Держаться за землю (Самсонов) - страница 60

Он звонил всем знакомым ментам, чтоб прислали таранное, броненосное сопровождение — ничего не могли, растворились в литом перекатистом реве «Геть! Геть!».

Как всегда — в сотый раз и впервые в вопросе их «жизни и смерти», — Мизгиревых спас тесть: прислал сотрудников державной спецохраны. Ему как депутату полагалось. Их вывели из дома ранним утром, когда Майдан спал, пробуждался, зализывал раны… Вели проходными дворами, зигзагами, петлями квадратные амбалы, скорохваты в дешевой гражданской одежде, столь осязаемо тяжелые и плотные, что Вадим в самом деле поверил в свою защищенность. Из уха одного из великанов спускалась под ворот куртешки витая радийная проволока, и Славик уже ликовал: кино, как в кино, Джейсон Борн! Посадили в глухой мини-вэн и вывезли в Пущу-Водицу, на заповедный остров знати, отсеченный от города неприступным забором. Оттуда хотели в Борисполь, но опять опоздали: оказалось, что аэропорт обложили неведомо кто — с автоматами, с битами, в масках. Мизгиревы увязли в потоке бегущих, и ненужно уже удивляли вопросы: почему лишь сейчас побежали? раньше не понимал, чем все может закончиться? «Раньше» были «проблемы», «вопросы», большой аукцион на средства индзащиты для шахтеров, какие-то дырявые самоспасатели в заклинивающих «термосах»; все чиновные души, почуяв последние дни, со стахановским остервенением пилили последние средства целевого бюджетного фонда, выбирали до крошки, словно крысы в горящем амбаре… На счетах министерства зависли неосвоенные миллионы, про которые было понятно, что никто их не хватится и не потребует предъявить то вещественное, что на них было куплено. Вот и он, Мизгирев, подгребал, сколько мог: обеспечивал будущее.

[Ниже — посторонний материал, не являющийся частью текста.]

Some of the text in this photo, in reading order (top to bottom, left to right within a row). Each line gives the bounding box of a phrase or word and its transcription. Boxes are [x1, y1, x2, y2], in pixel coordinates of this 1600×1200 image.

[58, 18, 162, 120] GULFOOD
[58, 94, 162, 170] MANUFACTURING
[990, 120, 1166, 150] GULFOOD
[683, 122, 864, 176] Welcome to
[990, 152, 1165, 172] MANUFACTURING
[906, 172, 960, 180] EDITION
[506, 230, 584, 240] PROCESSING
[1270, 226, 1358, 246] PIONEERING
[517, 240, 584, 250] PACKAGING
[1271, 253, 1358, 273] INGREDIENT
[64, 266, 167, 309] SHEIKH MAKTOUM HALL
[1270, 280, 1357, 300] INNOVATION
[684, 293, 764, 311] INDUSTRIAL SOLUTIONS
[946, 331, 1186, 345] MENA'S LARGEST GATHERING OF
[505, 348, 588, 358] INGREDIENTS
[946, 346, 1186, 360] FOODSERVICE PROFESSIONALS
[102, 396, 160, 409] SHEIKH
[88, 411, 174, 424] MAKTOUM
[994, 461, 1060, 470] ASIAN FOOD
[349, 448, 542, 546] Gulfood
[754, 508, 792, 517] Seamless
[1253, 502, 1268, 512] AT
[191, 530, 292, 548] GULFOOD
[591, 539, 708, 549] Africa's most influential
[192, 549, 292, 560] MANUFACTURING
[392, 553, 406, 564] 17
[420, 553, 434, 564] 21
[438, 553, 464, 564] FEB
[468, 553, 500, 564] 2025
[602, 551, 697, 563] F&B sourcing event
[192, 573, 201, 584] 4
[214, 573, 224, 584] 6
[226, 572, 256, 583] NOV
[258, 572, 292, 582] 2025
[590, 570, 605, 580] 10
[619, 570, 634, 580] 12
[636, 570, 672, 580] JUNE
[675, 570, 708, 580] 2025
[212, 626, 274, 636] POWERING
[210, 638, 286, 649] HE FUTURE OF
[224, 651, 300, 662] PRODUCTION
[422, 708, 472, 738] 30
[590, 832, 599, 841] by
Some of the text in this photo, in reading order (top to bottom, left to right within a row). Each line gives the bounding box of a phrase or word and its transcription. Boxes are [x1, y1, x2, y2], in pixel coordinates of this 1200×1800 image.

А еще была мать — мать держала. Ее надо было устраивать на операцию — удаление камня, спасение почки, ничего страшно трудного, но врачи всё пеняли на слабое сердце и странно смотрели Мизгиреву в глаза. Поначалу он думал: хотят еще денег. Но потом догадался: врач-хирург в самом деле боится, не ручается, предупреждает. На всякий случай подготавливает — тошно.

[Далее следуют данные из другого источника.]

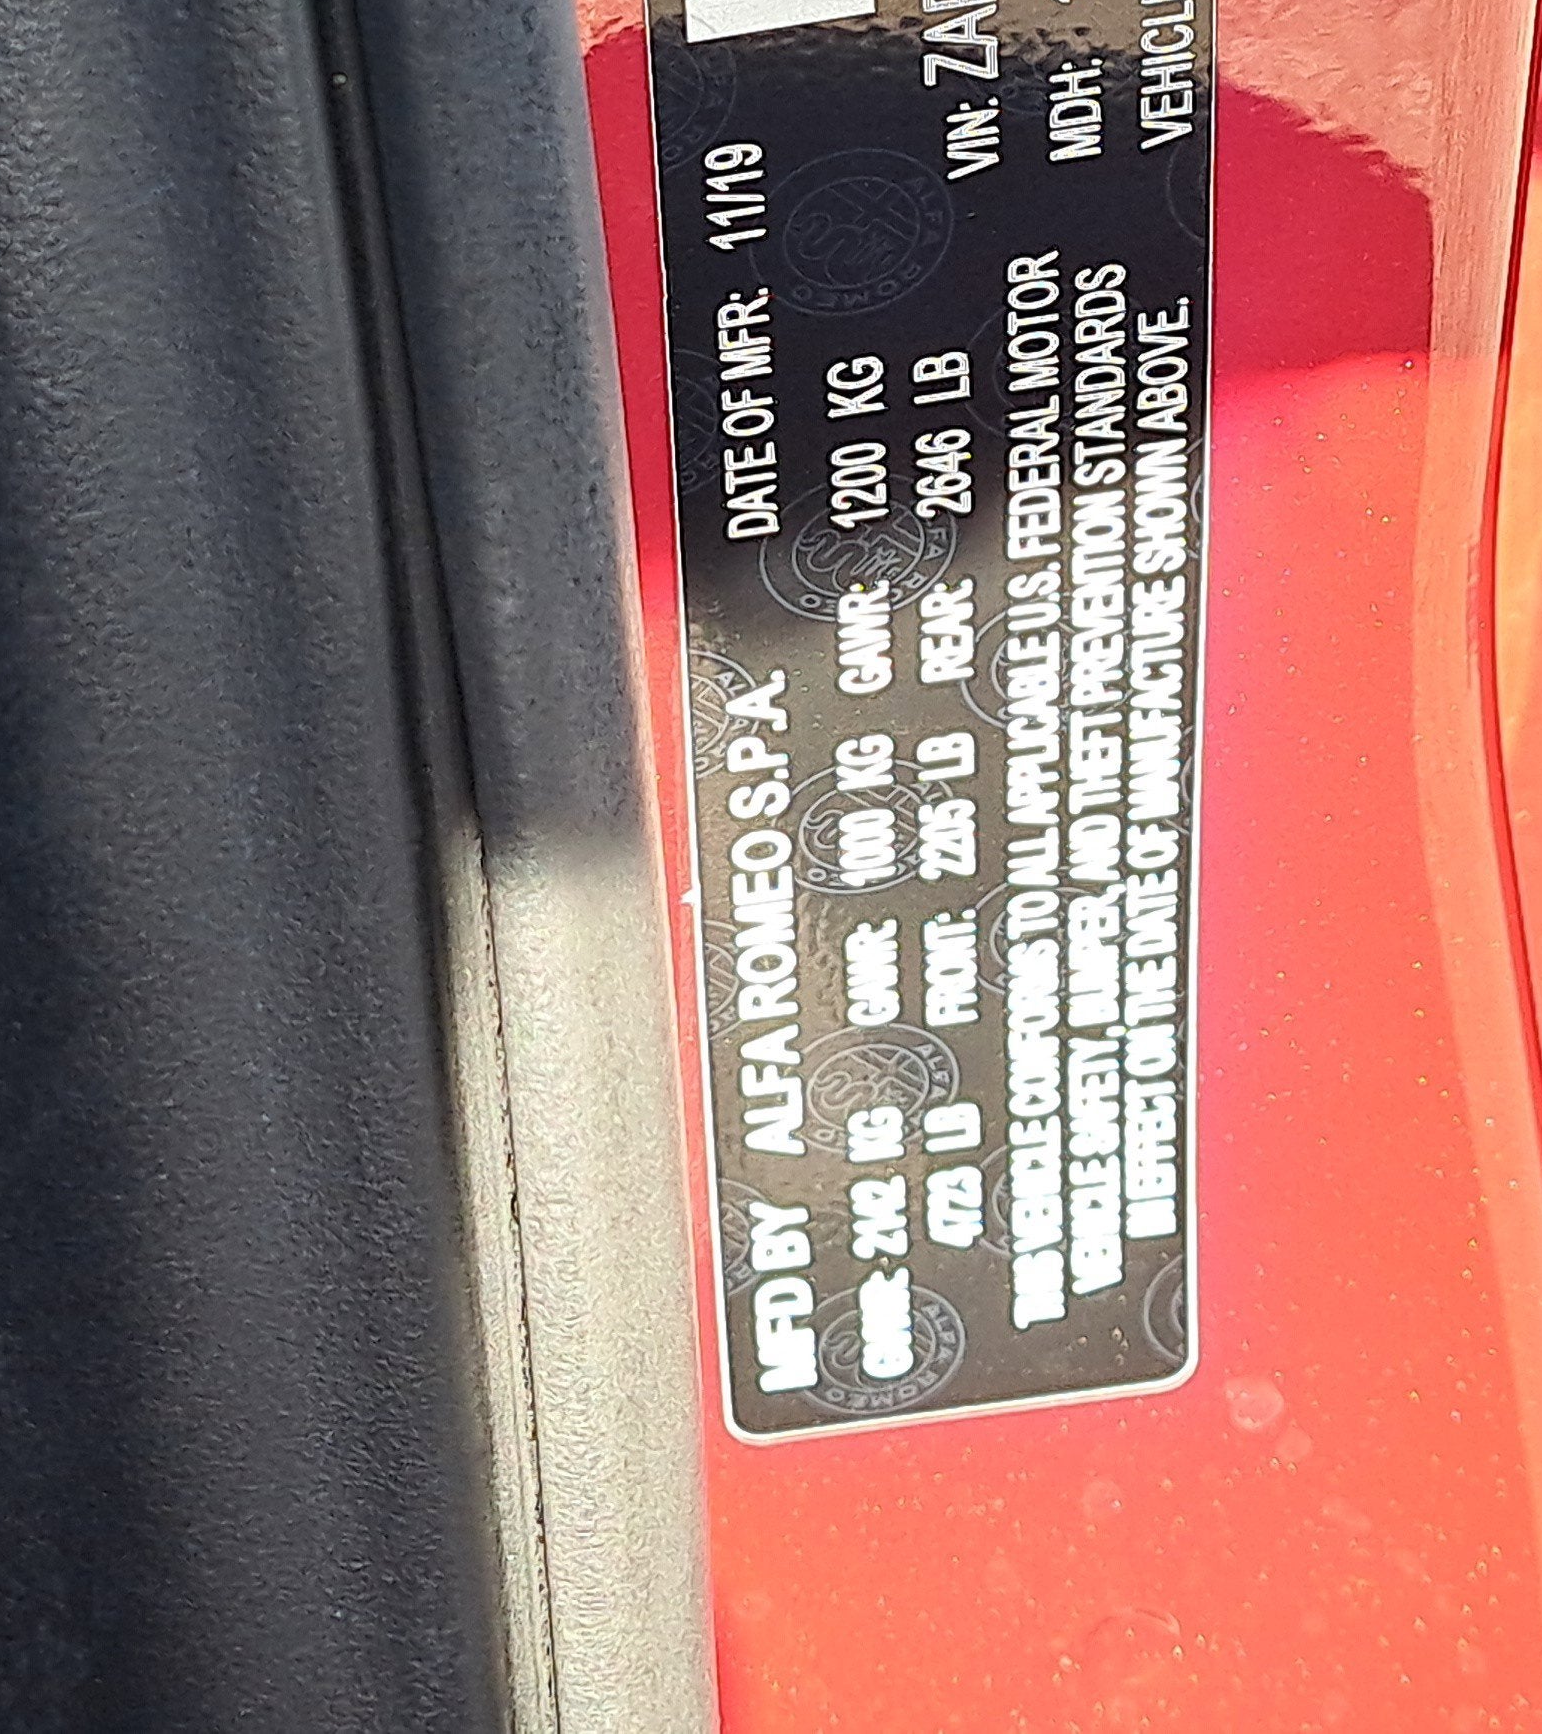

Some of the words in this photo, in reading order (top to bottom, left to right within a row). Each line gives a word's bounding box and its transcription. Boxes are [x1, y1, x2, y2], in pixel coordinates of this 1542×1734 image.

[947, 98, 1001, 179] VIN:
[1049, 58, 1103, 161] MDH:
[704, 143, 767, 250] 11/19
[717, 287, 772, 381] MFR:
[1008, 251, 1059, 391] MOTOR
[1138, 297, 1189, 430] ABOVE.
[721, 385, 774, 436] OF
[827, 356, 885, 417] KG
[914, 352, 971, 406] LB
[1075, 264, 1126, 484] STANDARDS
[723, 443, 780, 538] DATE
[829, 443, 888, 529] 1200
[916, 429, 973, 517] 2646
[1008, 395, 1059, 559] FEDERAL
[1135, 435, 1187, 574] SHOWN
[836, 580, 893, 694] GAWR:
[920, 579, 973, 684] REAR:
[1009, 563, 1060, 628] U.S.
[1071, 491, 1124, 707] PREVENTION
[1007, 636, 1060, 824] APPLICABLE
[1130, 575, 1185, 820] MANUFACTURE
[836, 734, 893, 789] KG
[916, 734, 974, 782] LB
[1070, 709, 1123, 813] THEFT
[839, 810, 895, 886] 1000
[919, 799, 976, 879] 2205
[1008, 827, 1060, 888] ALL
[1070, 815, 1123, 880] AND
[1130, 822, 1179, 868] OF
[730, 829, 799, 1017] ROMEO
[1010, 892, 1061, 936] TO
[1127, 871, 1178, 955] DATE
[845, 920, 899, 1027] GAWR:
[922, 909, 980, 1028] FRONT:
[1127, 957, 1177, 1028] THE
[1010, 938, 1062, 1116] CONFORMS
[1127, 1028, 1176, 1076] ON
[739, 1025, 805, 1156] ALFA
[848, 1106, 906, 1163] KG
[923, 1103, 981, 1151] LB
[1070, 1028, 1125, 1156] SAFETY,
[1010, 1118, 1063, 1249] VEHICLE
[1126, 1081, 1176, 1200] EFFECT
[748, 1201, 812, 1271] BY
[1070, 1159, 1123, 1295] VEHICLE
[756, 1275, 818, 1391] MFD

Мизгирев ездил к матери, вырастая в себе от сознания, что способен купить все, что можно купить: палату люкс, уход, личный пост медицинской сестры… Мать гладила Вадима по руке и бесслезно, спокойно прощалась, говорила: земля уже близко, ты, сыночек, встал на ноги, внука увидела — что же мне еще надо?.. И Вадим чуял только обязанность досидеть «до упора» и какую-то стыдную легкость: если мать за себя не боится, то и он за нее вправе — тоже. Отчего-то ему было жалко себя — ну, того, кто захлебывался криком-смехом на маминых молодых и всесильных руках, ну, того, кого мама усаживала на кровати над укутанной в вафельное полотенце и фланелевое одеяло кастрюлей с крутым кипятком и целебной картошкой в мундире, ну того, кто сидел между маминых крепких коленей под большим шерстяным одеялом, как в чуме (это так у них с матерью и называлось: «делать чум» и сидеть в нем, выкуривая злого духа болезни из легких), и дышал обжигающим паром вот этого спящего гейзера. Жалко было своих фотографий на школьном дворе и своего незнания о смерти или просто о боли, при которой шаманские практики не помогают.